• **EXERCISE DETAILS**
Would you copy the entries that follow exactly, leaving out every picture?

[Opening RECORDS SUPPLIED section]

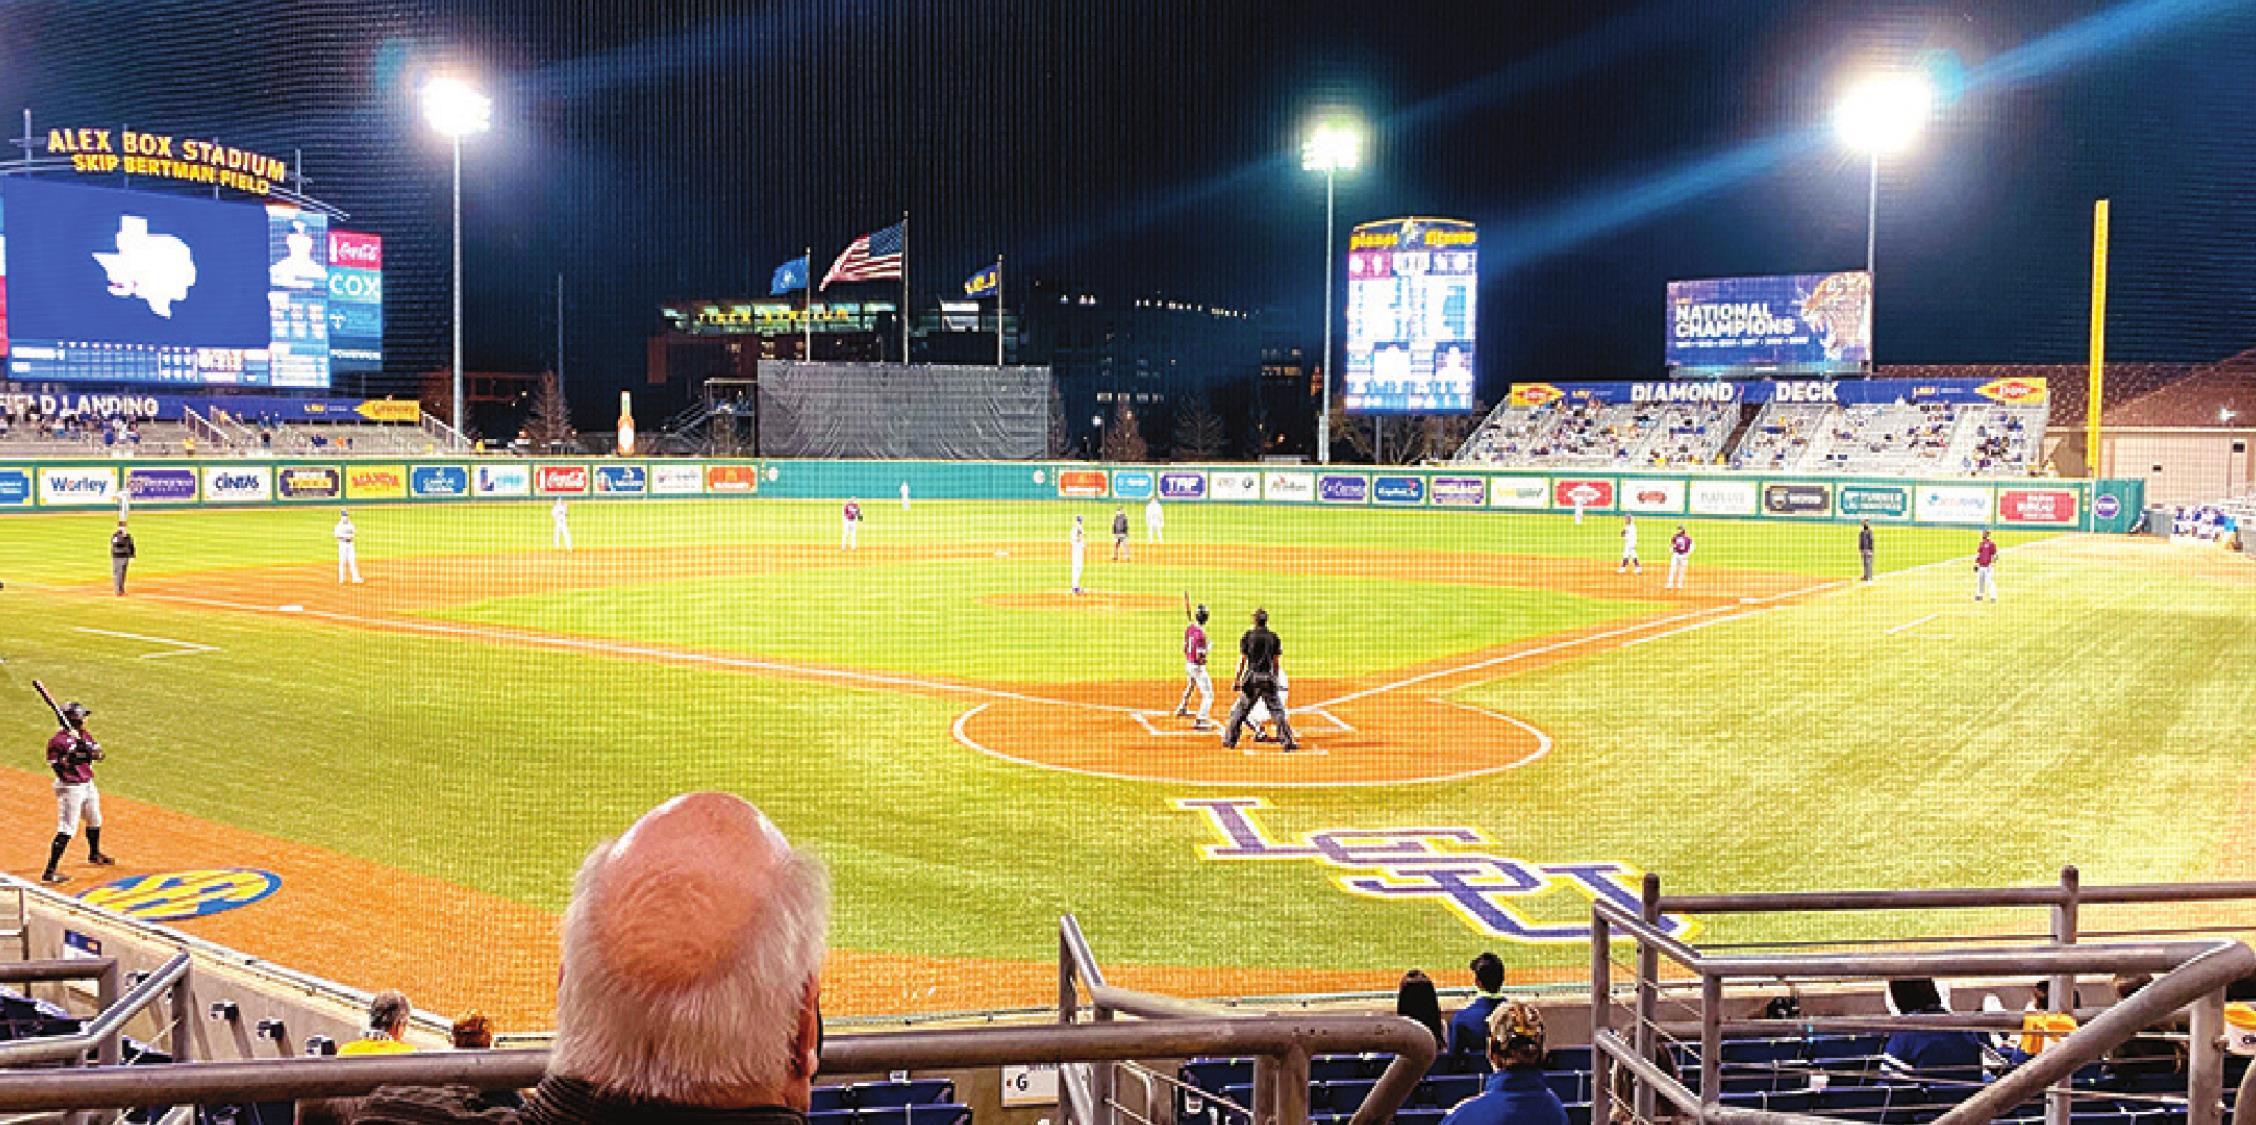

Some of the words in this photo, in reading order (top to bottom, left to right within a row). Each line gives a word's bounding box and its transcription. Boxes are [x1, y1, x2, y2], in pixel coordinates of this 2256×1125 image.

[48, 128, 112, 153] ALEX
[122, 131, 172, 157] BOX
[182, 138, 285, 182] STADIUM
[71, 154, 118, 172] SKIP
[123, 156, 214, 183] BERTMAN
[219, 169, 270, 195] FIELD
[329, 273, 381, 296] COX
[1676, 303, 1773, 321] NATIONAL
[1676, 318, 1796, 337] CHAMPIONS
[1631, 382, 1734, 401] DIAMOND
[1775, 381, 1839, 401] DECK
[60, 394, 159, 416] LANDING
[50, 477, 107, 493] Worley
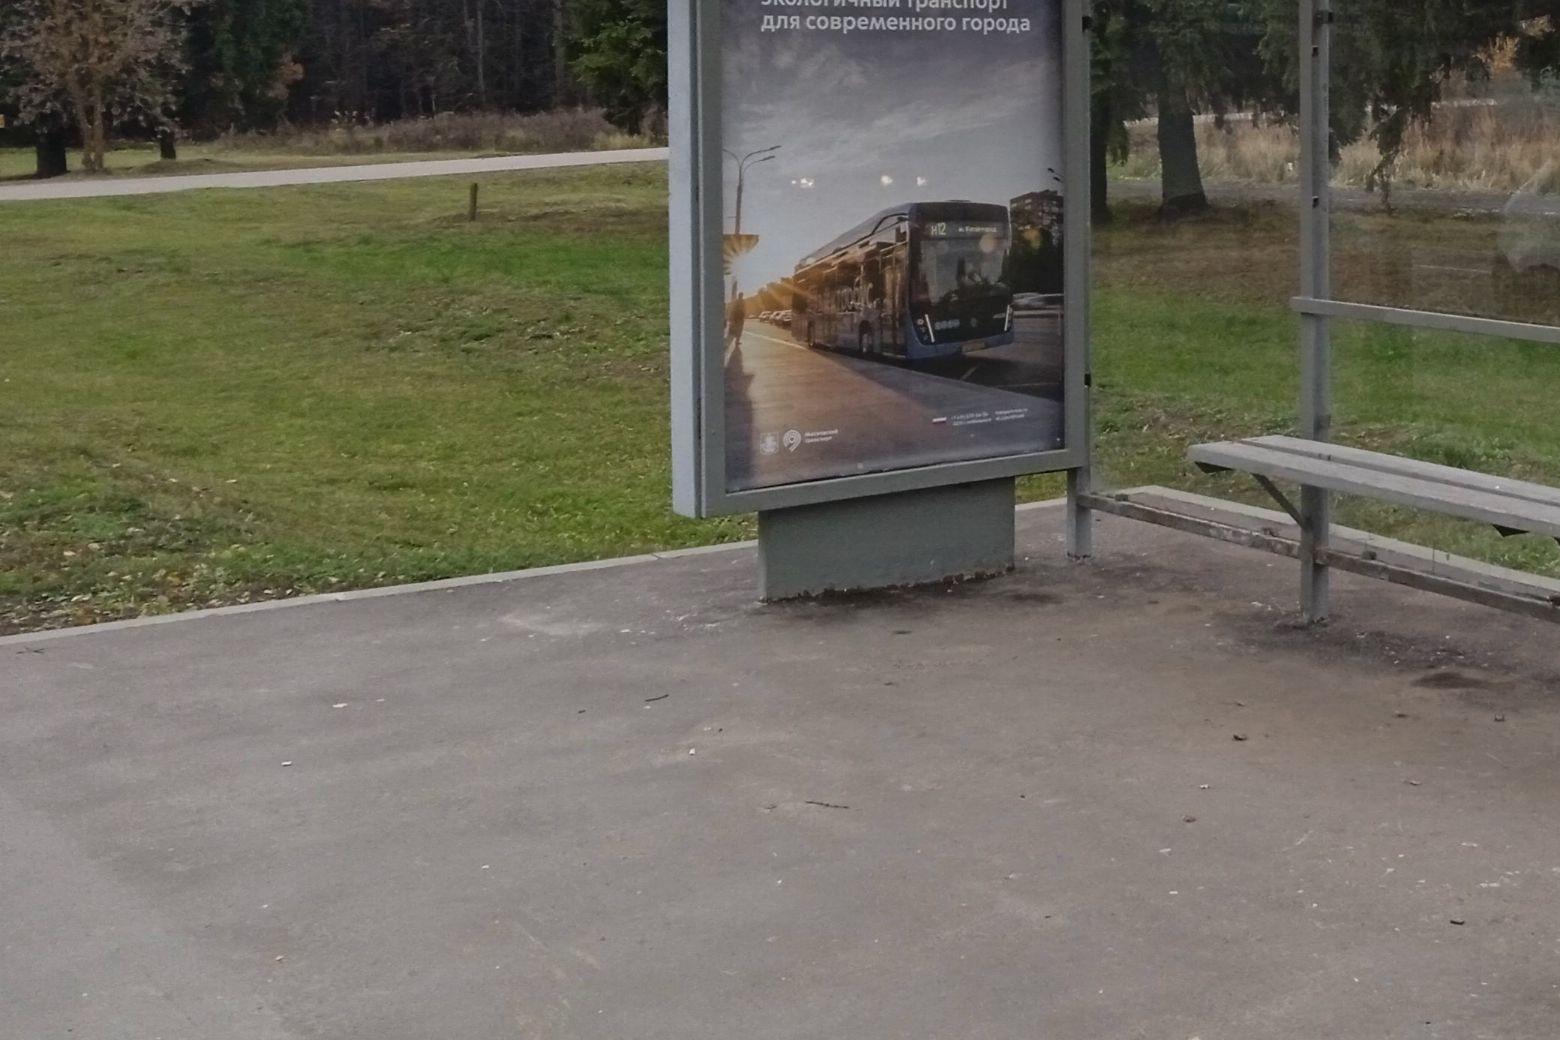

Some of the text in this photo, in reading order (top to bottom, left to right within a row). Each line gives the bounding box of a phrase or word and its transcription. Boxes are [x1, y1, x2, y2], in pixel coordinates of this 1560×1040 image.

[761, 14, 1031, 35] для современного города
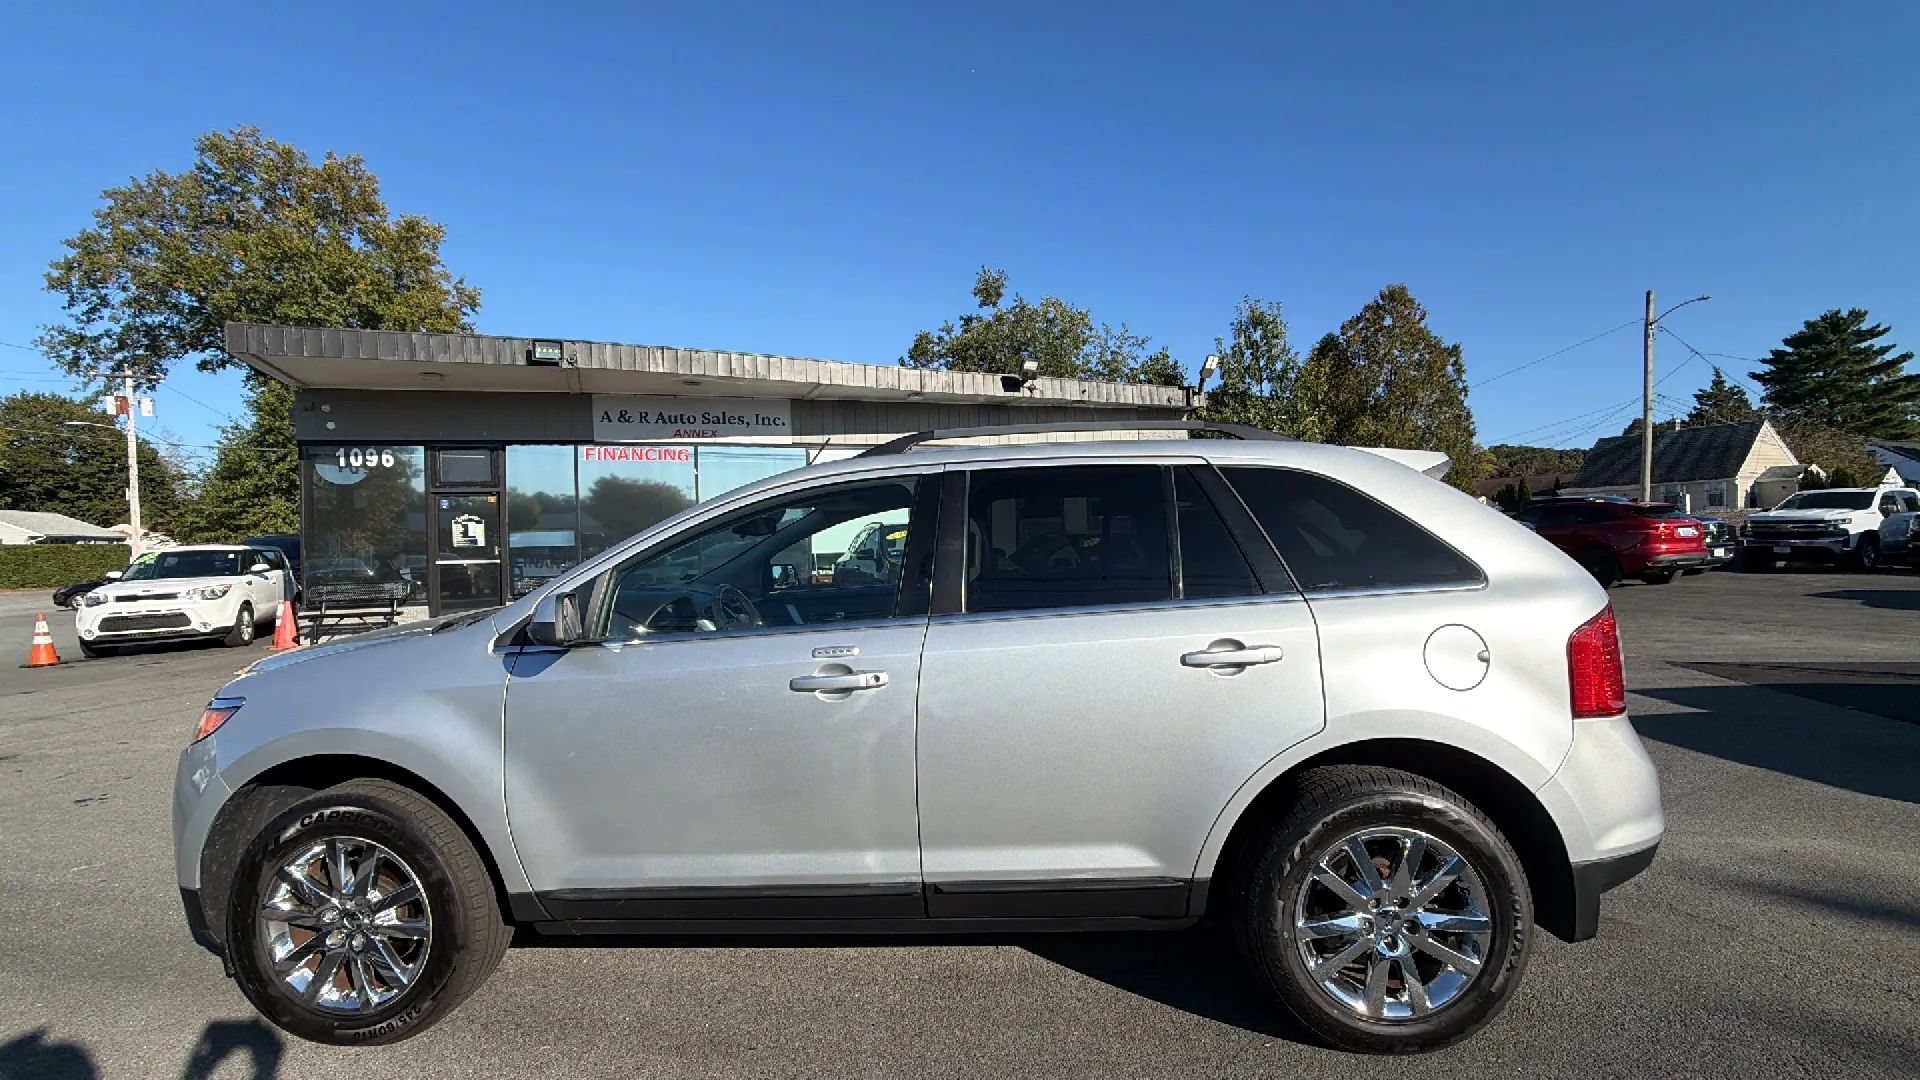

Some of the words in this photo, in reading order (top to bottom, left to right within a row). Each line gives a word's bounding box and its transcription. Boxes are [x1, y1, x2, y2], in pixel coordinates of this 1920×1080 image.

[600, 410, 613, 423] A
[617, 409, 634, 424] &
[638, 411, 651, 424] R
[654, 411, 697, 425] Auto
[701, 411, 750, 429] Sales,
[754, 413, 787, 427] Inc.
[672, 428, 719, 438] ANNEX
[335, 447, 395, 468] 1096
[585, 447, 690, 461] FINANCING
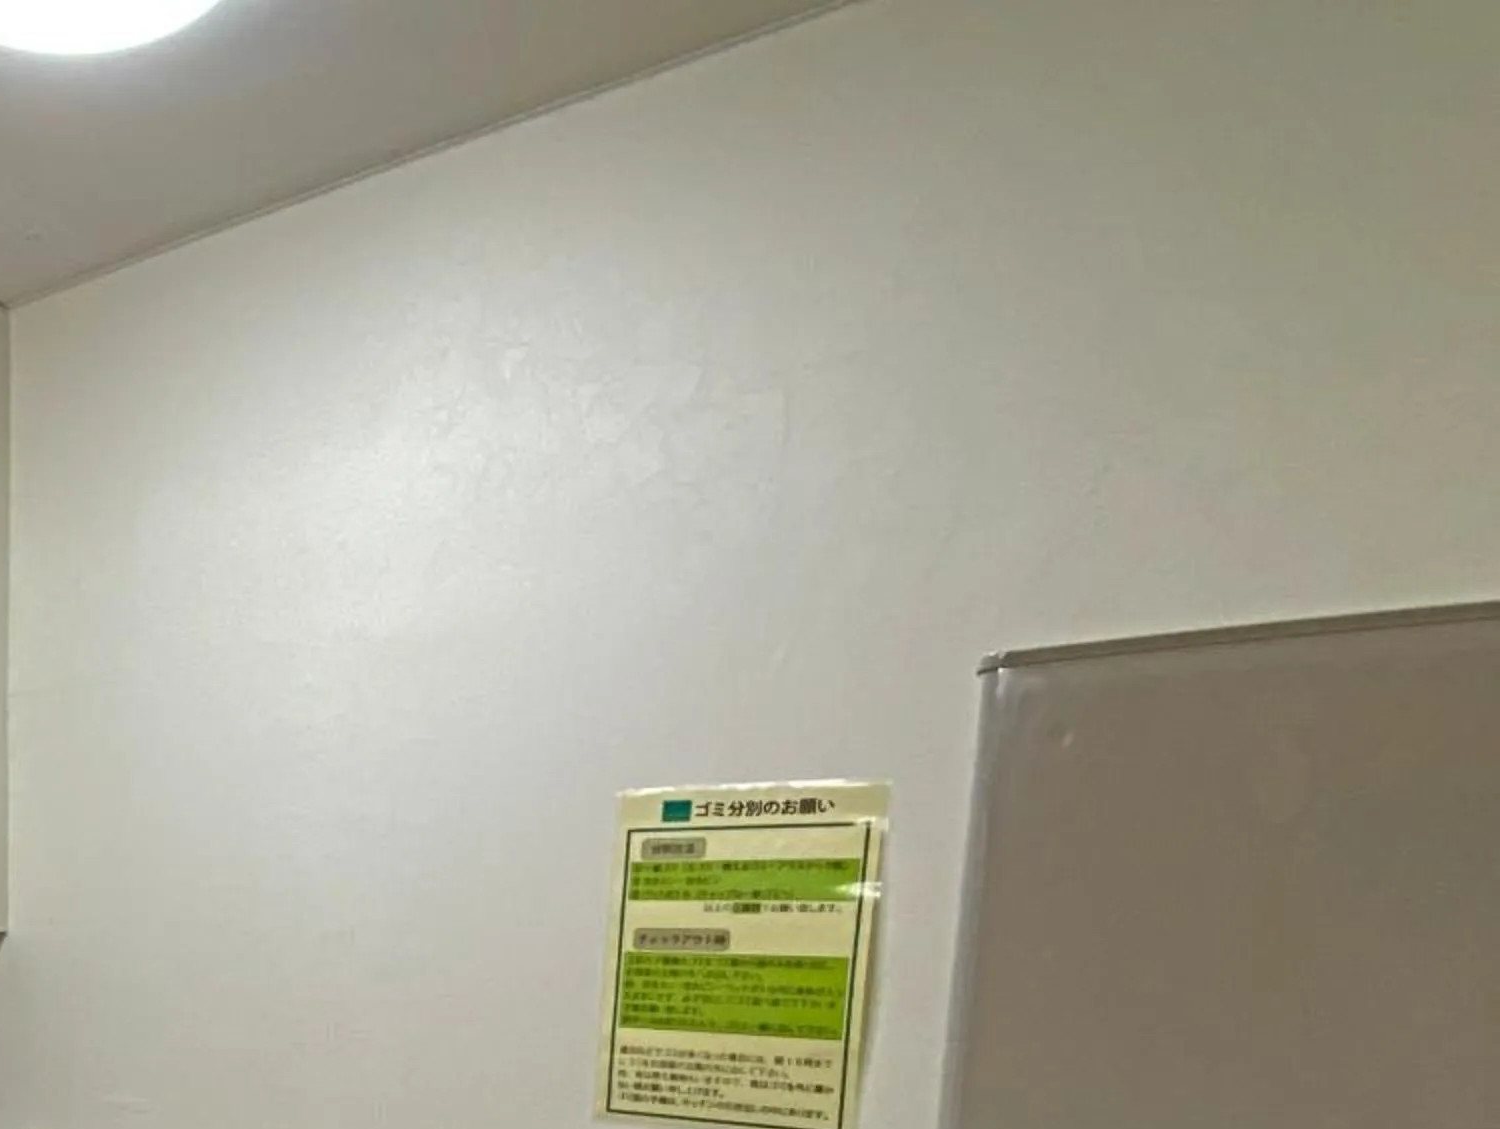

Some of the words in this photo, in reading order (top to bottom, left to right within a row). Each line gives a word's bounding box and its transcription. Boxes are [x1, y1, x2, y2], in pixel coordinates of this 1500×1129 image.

[Closing RECORDS SUPPLIED section]

• **RESULT OF THE EXERCISE**
Some of the words in this photo, in reading order (top to bottom, left to right within a row). Each line gives a word's bounding box and its transcription. Boxes are [x1, y1, x2, y2], in pixel coordinates of this 2256×1125 image.

[48, 128, 112, 153] ALEX
[122, 131, 172, 157] BOX
[182, 138, 285, 182] STADIUM
[71, 154, 118, 172] SKIP
[123, 156, 214, 183] BERTMAN
[219, 169, 270, 195] FIELD
[329, 273, 381, 296] COX
[1676, 303, 1773, 321] NATIONAL
[1676, 318, 1796, 337] CHAMPIONS
[1631, 382, 1734, 401] DIAMOND
[1775, 381, 1839, 401] DECK
[60, 394, 159, 416] LANDING
[50, 477, 107, 493] Worley

Some of the text in this photo, in reading order (top to bottom, left to right within a row). Each line gives the bounding box of a phrase or word and its transcription. Boxes are [x1, y1, x2, y2], in pixel coordinates of this 1560×1040 image.

[761, 14, 1031, 35] для современного города

Some of the words in this photo, in reading order (top to bottom, left to right within a row). Each line gives a word's bounding box and its transcription. Boxes are [x1, y1, x2, y2], in pixel coordinates of this 1920×1080 image.

[600, 410, 613, 423] A
[617, 409, 634, 424] &
[638, 411, 651, 424] R
[654, 411, 697, 425] Auto
[701, 411, 750, 429] Sales,
[754, 413, 787, 427] Inc.
[672, 428, 719, 438] ANNEX
[335, 447, 395, 468] 1096
[585, 447, 690, 461] FINANCING

Some of the words in this photo, in reading order (top to bottom, left to right within a row). Each line gives a word's bounding box and its transcription. Boxes are [x1, y1, x2, y2], in pixel coordinates of this 1500×1129 image.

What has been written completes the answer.